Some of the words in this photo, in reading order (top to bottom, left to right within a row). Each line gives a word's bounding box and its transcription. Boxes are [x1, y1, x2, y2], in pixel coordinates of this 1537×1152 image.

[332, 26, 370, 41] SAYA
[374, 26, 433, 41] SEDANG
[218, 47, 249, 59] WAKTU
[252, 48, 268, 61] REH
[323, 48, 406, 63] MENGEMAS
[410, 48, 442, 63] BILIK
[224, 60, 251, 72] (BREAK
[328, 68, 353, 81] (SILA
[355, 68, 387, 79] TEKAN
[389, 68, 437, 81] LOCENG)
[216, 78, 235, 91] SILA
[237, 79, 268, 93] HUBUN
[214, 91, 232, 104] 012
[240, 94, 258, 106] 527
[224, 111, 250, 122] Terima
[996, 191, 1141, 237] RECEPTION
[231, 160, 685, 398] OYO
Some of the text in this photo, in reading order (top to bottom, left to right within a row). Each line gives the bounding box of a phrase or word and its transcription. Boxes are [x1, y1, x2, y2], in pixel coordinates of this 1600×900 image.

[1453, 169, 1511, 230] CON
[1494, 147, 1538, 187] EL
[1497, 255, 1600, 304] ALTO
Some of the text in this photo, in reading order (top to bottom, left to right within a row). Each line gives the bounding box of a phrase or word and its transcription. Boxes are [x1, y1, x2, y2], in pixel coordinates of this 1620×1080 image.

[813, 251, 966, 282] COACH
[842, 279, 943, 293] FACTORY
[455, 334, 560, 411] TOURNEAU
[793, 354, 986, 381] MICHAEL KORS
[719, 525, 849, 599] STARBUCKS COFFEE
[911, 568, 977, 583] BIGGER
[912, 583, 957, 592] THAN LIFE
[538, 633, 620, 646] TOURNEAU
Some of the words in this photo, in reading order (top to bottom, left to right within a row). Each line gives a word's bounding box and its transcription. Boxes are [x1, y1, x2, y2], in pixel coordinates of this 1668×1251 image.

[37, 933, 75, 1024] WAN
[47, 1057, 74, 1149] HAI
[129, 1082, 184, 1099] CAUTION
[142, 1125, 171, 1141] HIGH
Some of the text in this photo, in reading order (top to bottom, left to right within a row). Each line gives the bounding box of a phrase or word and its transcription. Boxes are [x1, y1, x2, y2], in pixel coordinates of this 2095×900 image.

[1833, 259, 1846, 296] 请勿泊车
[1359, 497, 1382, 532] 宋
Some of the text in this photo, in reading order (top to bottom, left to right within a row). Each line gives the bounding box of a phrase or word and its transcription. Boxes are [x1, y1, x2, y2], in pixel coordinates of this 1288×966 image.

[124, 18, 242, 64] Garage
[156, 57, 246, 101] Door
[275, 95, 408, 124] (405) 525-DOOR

★ ★ ★ ★ ★

-- Assignment --
In full and word for word, reproduce the data above.

-- Final answer --
Some of the words in this photo, in reading order (top to bottom, left to right within a row). Each line gives a word's bounding box and its transcription. Boxes are [x1, y1, x2, y2], in pixel coordinates of this 1537×1152 image.

[332, 26, 370, 41] SAYA
[374, 26, 433, 41] SEDANG
[218, 47, 249, 59] WAKTU
[252, 48, 268, 61] REH
[323, 48, 406, 63] MENGEMAS
[410, 48, 442, 63] BILIK
[224, 60, 251, 72] (BREAK
[328, 68, 353, 81] (SILA
[355, 68, 387, 79] TEKAN
[389, 68, 437, 81] LOCENG)
[216, 78, 235, 91] SILA
[237, 79, 268, 93] HUBUN
[214, 91, 232, 104] 012
[240, 94, 258, 106] 527
[224, 111, 250, 122] Terima
[996, 191, 1141, 237] RECEPTION
[231, 160, 685, 398] OYO
Some of the text in this photo, in reading order (top to bottom, left to right within a row). Each line gives the bounding box of a phrase or word and its transcription. Boxes are [x1, y1, x2, y2], in pixel coordinates of this 1600×900 image.

[1453, 169, 1511, 230] CON
[1494, 147, 1538, 187] EL
[1497, 255, 1600, 304] ALTO
Some of the text in this photo, in reading order (top to bottom, left to right within a row). Each line gives the bounding box of a phrase or word and its transcription. Boxes are [x1, y1, x2, y2], in pixel coordinates of this 1620×1080 image.

[813, 251, 966, 282] COACH
[842, 279, 943, 293] FACTORY
[455, 334, 560, 411] TOURNEAU
[793, 354, 986, 381] MICHAEL KORS
[719, 525, 849, 599] STARBUCKS COFFEE
[911, 568, 977, 583] BIGGER
[912, 583, 957, 592] THAN LIFE
[538, 633, 620, 646] TOURNEAU
Some of the words in this photo, in reading order (top to bottom, left to right within a row). Each line gives a word's bounding box and its transcription. Boxes are [x1, y1, x2, y2], in pixel coordinates of this 1668×1251 image.

[37, 933, 75, 1024] WAN
[47, 1057, 74, 1149] HAI
[129, 1082, 184, 1099] CAUTION
[142, 1125, 171, 1141] HIGH
Some of the text in this photo, in reading order (top to bottom, left to right within a row). Each line gives the bounding box of a phrase or word and its transcription. Boxes are [x1, y1, x2, y2], in pixel coordinates of this 2095×900 image.

[1833, 259, 1846, 296] 请勿泊车
[1359, 497, 1382, 532] 宋
Some of the text in this photo, in reading order (top to bottom, left to right within a row). Each line gives the bounding box of a phrase or word and its transcription. Boxes are [x1, y1, x2, y2], in pixel coordinates of this 1288×966 image.

[124, 18, 242, 64] Garage
[156, 57, 246, 101] Door
[275, 95, 408, 124] (405) 525-DOOR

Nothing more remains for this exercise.